ABOUT THIS TASK: Restate the listing below word for word, pictures excluded.

::: AVAILABLE DATA :::

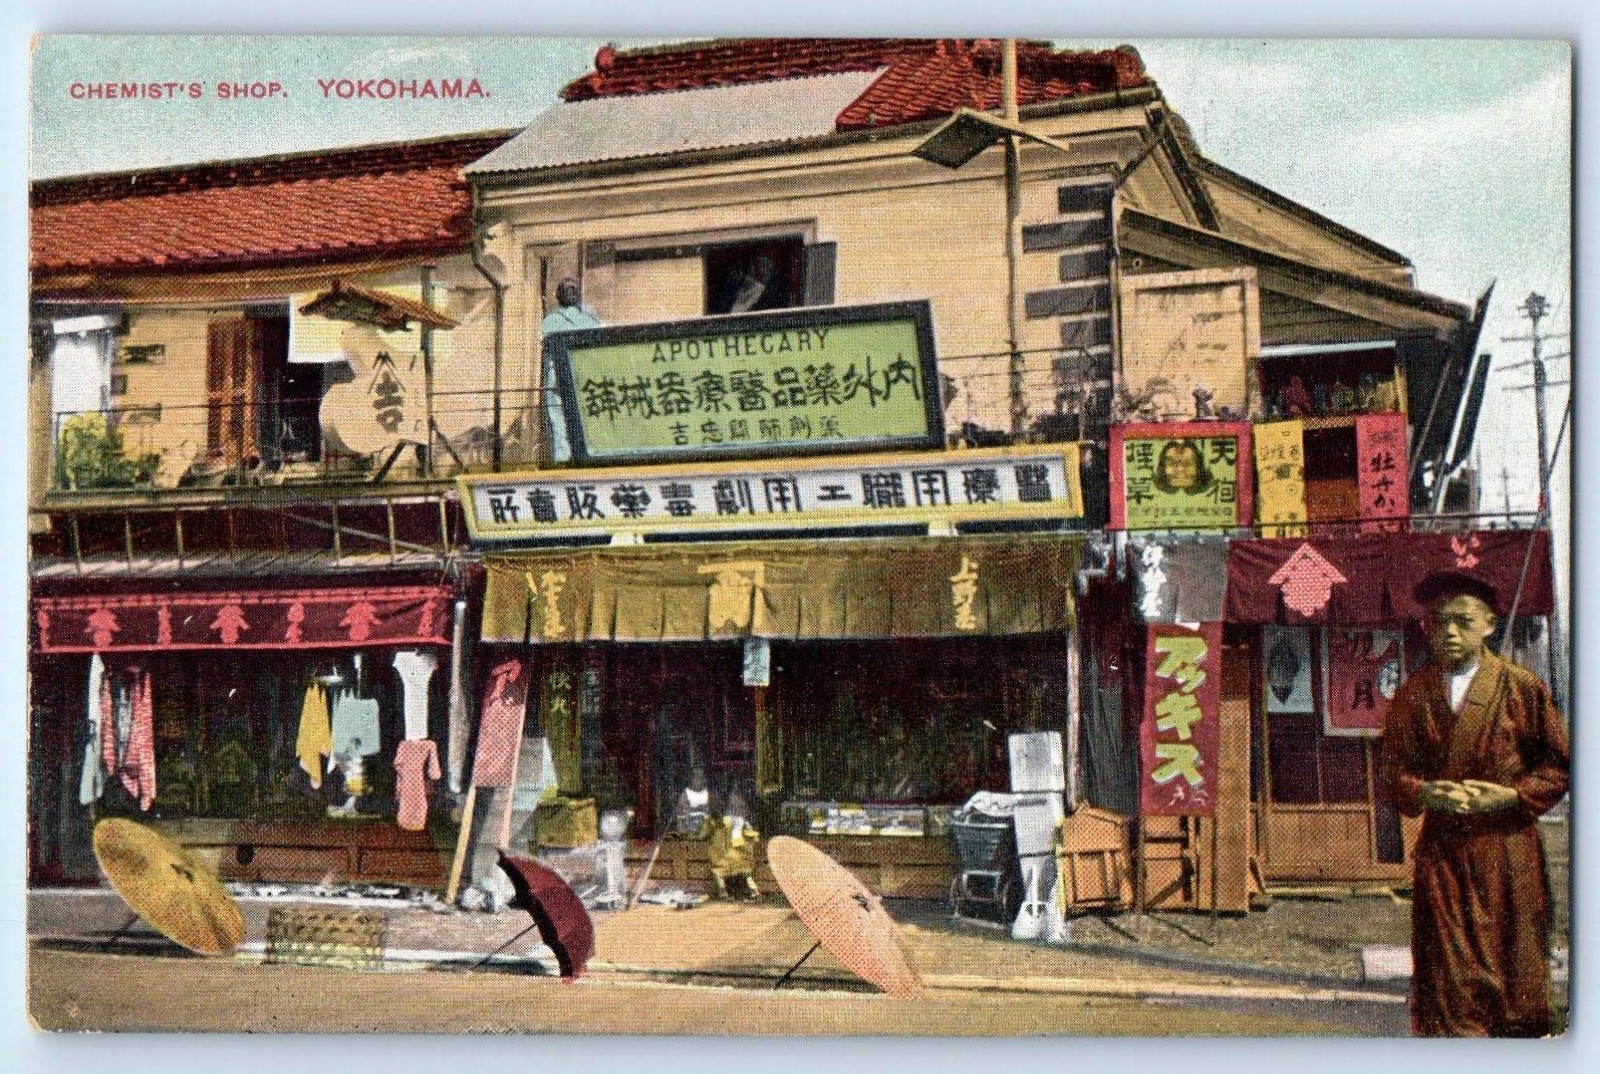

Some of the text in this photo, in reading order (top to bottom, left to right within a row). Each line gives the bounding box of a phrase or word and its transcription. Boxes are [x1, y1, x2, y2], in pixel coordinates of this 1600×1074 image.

[651, 328, 831, 364] APOTHECARY
[1151, 635, 1209, 787] アッキス
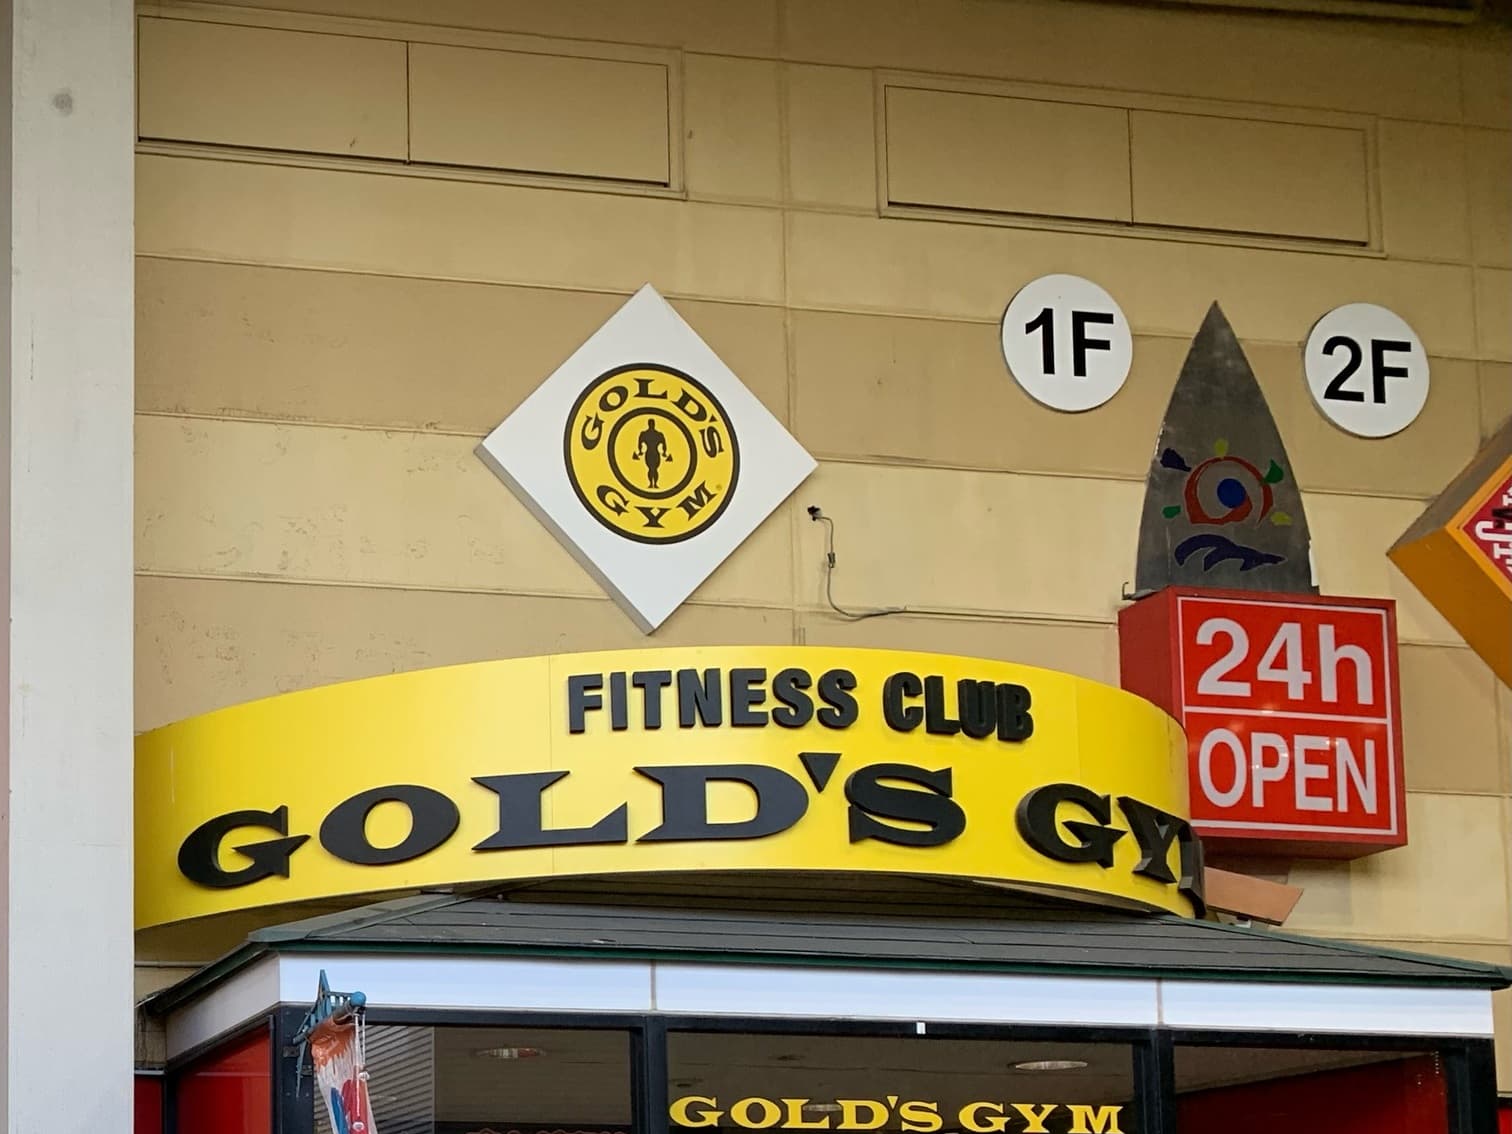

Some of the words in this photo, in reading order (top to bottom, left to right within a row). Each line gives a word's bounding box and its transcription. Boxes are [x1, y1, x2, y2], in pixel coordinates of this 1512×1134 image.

[1025, 307, 1115, 378] 1F
[1322, 336, 1412, 404] 2F
[580, 377, 724, 459] GOLD'S
[596, 479, 717, 528] GYM
[1195, 618, 1374, 706] 24h
[568, 668, 858, 734] FITNESS
[883, 672, 1034, 742] CLUB
[1198, 728, 1378, 815] OPEN
[177, 752, 967, 890] GOLD'S
[669, 1096, 944, 1133] GOLD'S

:::

ANSWER SPACE:
Some of the text in this photo, in reading order (top to bottom, left to right within a row). Each line gives the bounding box of a phrase or word and its transcription. Boxes are [x1, y1, x2, y2], in pixel coordinates of this 1600×1074 image.

[651, 328, 831, 364] APOTHECARY
[1151, 635, 1209, 787] アッキス

Some of the words in this photo, in reading order (top to bottom, left to right within a row). Each line gives a word's bounding box and its transcription. Boxes are [x1, y1, x2, y2], in pixel coordinates of this 1512×1134 image.

[1025, 307, 1115, 378] 1F
[1322, 336, 1412, 404] 2F
[580, 377, 724, 459] GOLD'S
[596, 479, 717, 528] GYM
[1195, 618, 1374, 706] 24h
[568, 668, 858, 734] FITNESS
[883, 672, 1034, 742] CLUB
[1198, 728, 1378, 815] OPEN
[177, 752, 967, 890] GOLD'S
[669, 1096, 944, 1133] GOLD'S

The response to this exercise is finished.